The energy required in a eukaryotic cell is provided by mitochondria. Mitochondrial electron transport chain (ETC) coupled with oxidative phosphorylation generates ATP. During electron transport, electron leakage from the ETC produces reactive oxygen species (ROS). In healthy cells, there are preventive and defense mechanisms in place to manage ROS. Maintaining a steady balance of ROS is very important because overproduction of ROS can lead to several pathological conditions. There are several strategies to prevent ROS production. Addition of external antioxidants is widely used among them.

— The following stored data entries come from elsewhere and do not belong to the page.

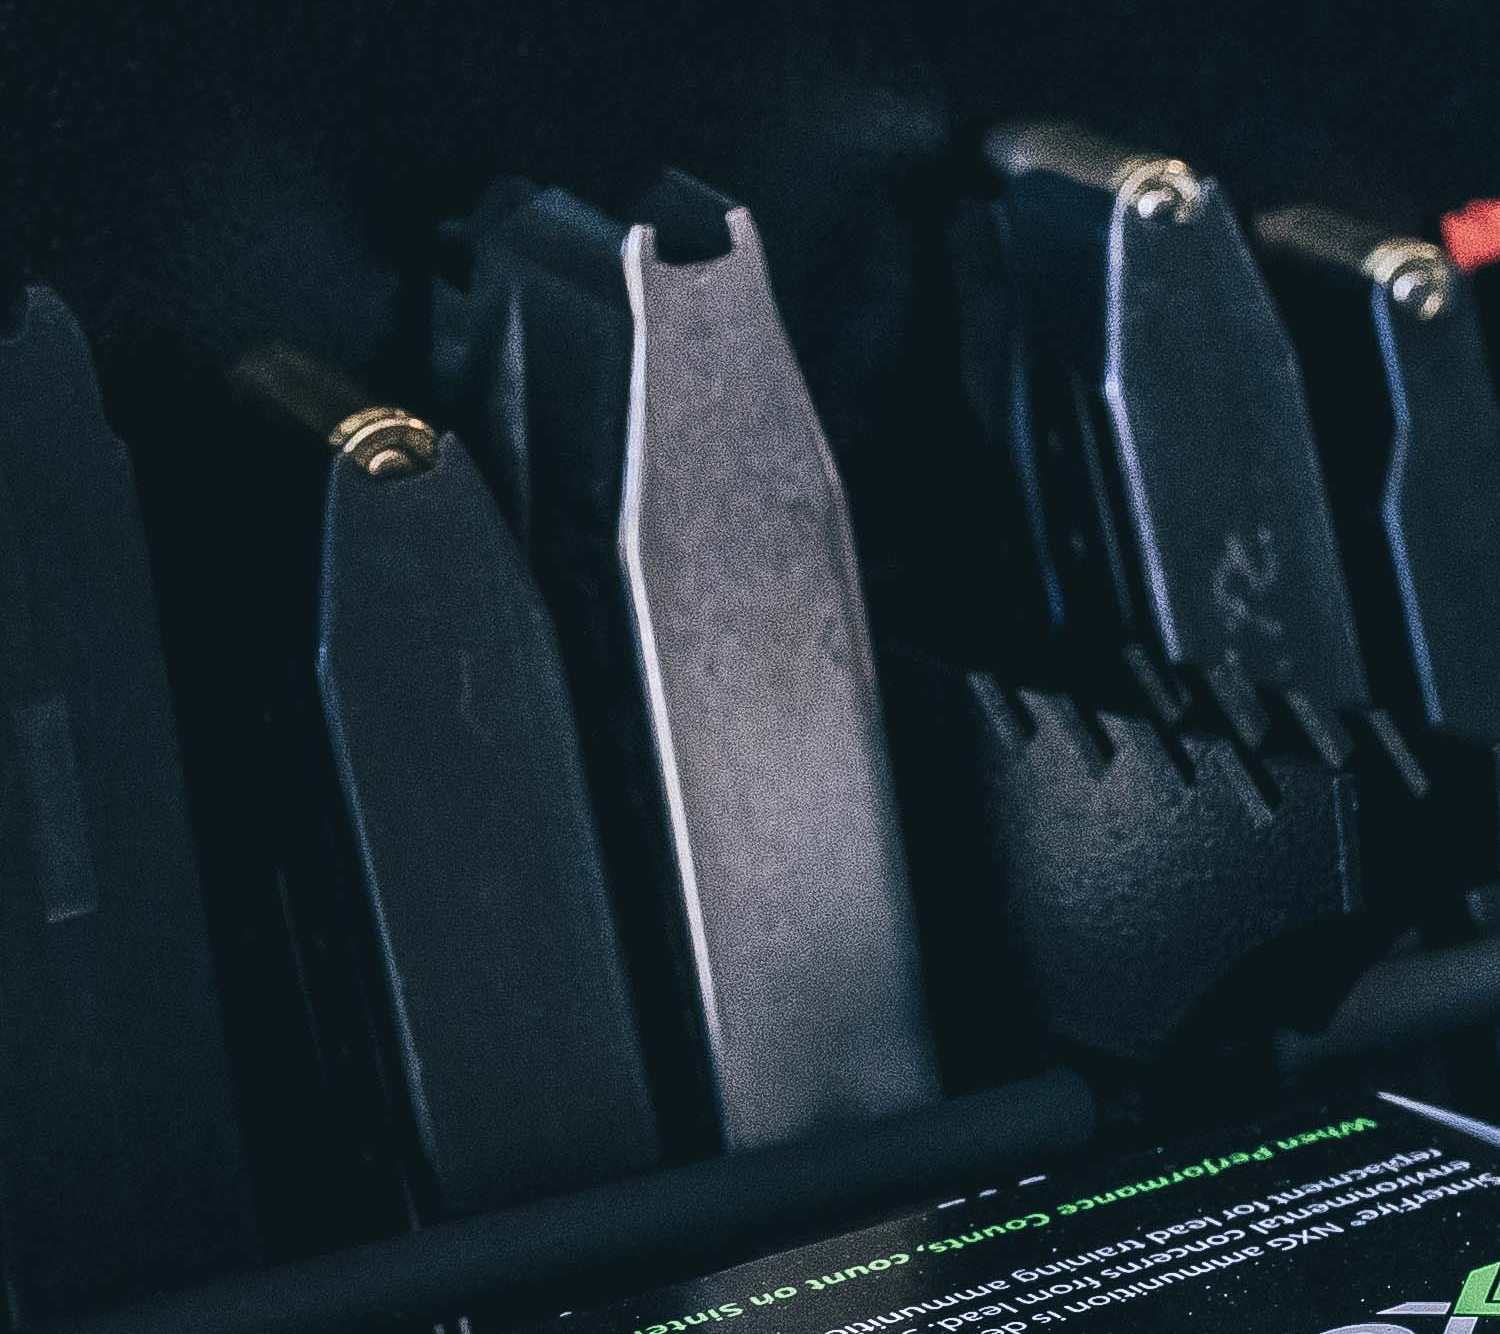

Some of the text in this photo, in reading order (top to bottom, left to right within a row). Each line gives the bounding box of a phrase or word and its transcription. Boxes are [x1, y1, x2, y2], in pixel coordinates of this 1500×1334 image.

[1277, 1117, 1377, 1151] When
[1056, 1146, 1274, 1216] Performance
[1249, 1159, 1471, 1235] environmental
[1222, 1200, 1270, 1223] for
[917, 1213, 1050, 1254] Counts,
[1146, 1216, 1222, 1246] lead
[1267, 1221, 1344, 1252] NXG
[1011, 1238, 1145, 1284] training
[1100, 1228, 1245, 1279] concerns
[805, 1253, 910, 1290] count
[1068, 1245, 1265, 1314] ammunition
[750, 1286, 797, 1307] on
[1015, 1276, 1102, 1306] from
[927, 1301, 1018, 1332] lead.
[1033, 1305, 1067, 1325] is

Discussed in the first part of Chapter 1 is the mitochondrial ETC, ROS production and antioxidant strategies.;The second part of Chapter 1 is concerned with ribosomal protein synthesis in bacteria. Ribosome, the organelle that synthesizes proteins with exceptional fidelity, has a strong bias for alpha-L-amino acids. It has been demonstrated that reengineering of the peptidyltransferase center (PTC) of the ribosome could enable the incorporation of both alpha-D-amino acids and beta-amino acids into full length protein.;Oxidative stress is a common cause of various neurological disorders such as Alzheimer's disease and Parkinson's disease. Antioxidative strategies are used widely for the treatment of these disorders. Although several antioxidants demonstrated positive results in vitro as well as in in vivo models, none of them have been effective in clinical settings. Hence, there is an ongoing search for effective neuroprotective drugs. Described in Chapter 2 is the synthesis and biological evaluation of several methylene blue analogues as potentially effective antioxidants for the treatment of pathologies related to oxidative stress.;In Chapter 3, the synthesis and ribosomal incorporation of several rationally designed dipeptidomimetic analogues are discussed. The dipeptidomimetic analogues are structurally similar to the GFP chromophore and, therefore, highly fluorescent. In addition, the backbone of the dipeptidomimetic analogues resemble the peptide backbone of a dipeptide, due to which they can be incorporated into protein by modified ribosomes selected for the incorporation of dipeptides.;Discussed in Chapter 4 is the synthesis of the pdCpA derivatives of several beta-amino acids. The pdCpA derivatives were ligated to tRNA-COH and were used as probes for studying the regio- and stereoselectivity of modified ribosomes.